Burruss starts each day with a Zoom morning meeting with her class. “We go over the lesson. We talk about our highs and lows for the day,” she said. “I stay on Zoom for a few hours and they can go in and out if they have questions.”
Fifth grade teacher Jeanie Owens also starts each day with a morning meeting on Zoom. “For the social emotional aspect, I needed that moment with them where we could all meet.”
For many of the educators I spoke with, the hardest part of the past few weeks has been not seeing their students in person.
“I really feel that the best part about anyone’s day in education is being with the kids, and that’s gone,” said Cole. “None of us went into this to teach to a computer. That’s the saddest part of it all — missing the kids, and them missing their friends, and all that makes a school a school.”

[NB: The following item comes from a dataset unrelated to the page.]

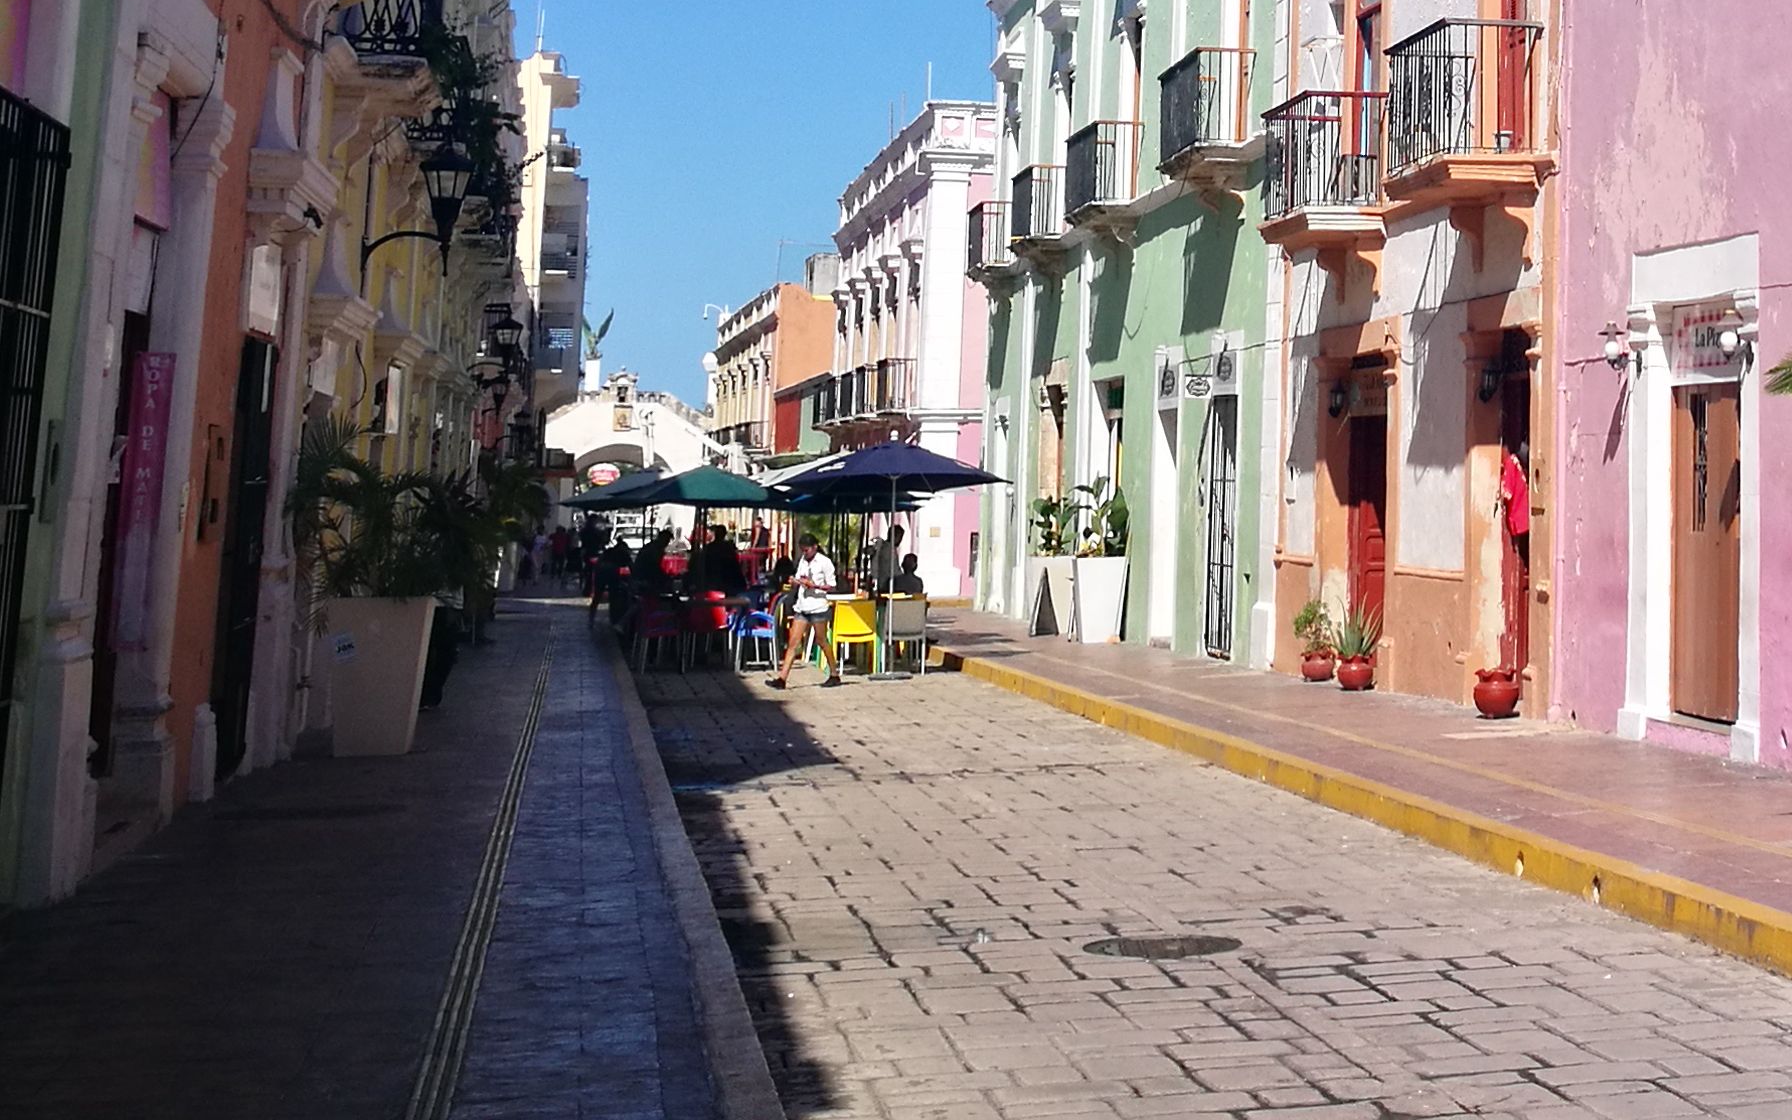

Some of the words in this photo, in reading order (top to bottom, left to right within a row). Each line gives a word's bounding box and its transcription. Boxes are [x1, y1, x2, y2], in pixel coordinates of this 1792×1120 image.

[1695, 327, 1705, 348] La
[144, 356, 162, 409] ROPA
[141, 425, 154, 451] DE

Burruss echoed Cole: “The biggest challenge is not being with the students every day. By with them I mean not being able to see their expressions and know how their day is going and being able to really take what we’ve taught them and see how they’re incorporating it into other parts of their learning and their lives. It’s really difficult not to see them every day.”
What’s next?
On March 23, Gov. Cooper extended school closures until May 15. A handful of states, including Virginia, have canceled school for the rest of the school year.
Hyde County educators are not sure what the future holds, but they agree this experience will change all of them.
“I think we’re going to be better for it, but with that goes with a lot of growing pains,” said Cole.
“Our teachers are now also students. Whether they like it or not, they’re having to do it,” Etheridge said. “I think we’re going to see a boost in our technology usage from here on.”
Fifth grade teacher Kristy Marslender said this experience has forced her and her fellow educators to “open the door to learn new things.” She already knows one way her teaching will change next year: “If I have a substitute next year, it’ll be no problem to just have a video ready to teach the lesson rather than leaving a worksheet,” she said.
For now, Hyde County educators will continue following their motto — “Do what’s best for students” — whatever that may look like. Every teacher and principal I spoke with expressed their immense pride in their colleagues, students, parents, and community for the resilience they’ve shown and the support they’ve given each other.
“I really thought there would be some sort of resistance to wanting to learn this way from both the parents and the students,” Burruss said. “In a time like this, after all the things we have been through on Ocracoke, this could have been ‘I give up’ and ‘I can’t take much more.’ I see that everybody’s been really resilient.”
Owens added, “The Ocracoke faculty has been incredibly resilient this year. To watch a group of professionals who have lost their own personal belongings and who have experienced a tragedy overcome that and then be asked to again change things up, they have done it with dignity. They have done it with enthusiasm.”
Correction: A previous edition of this post incorrectly stated Callie Luker teaches at Ocracoke School. She teaches at Mattamuskeet Elementary School.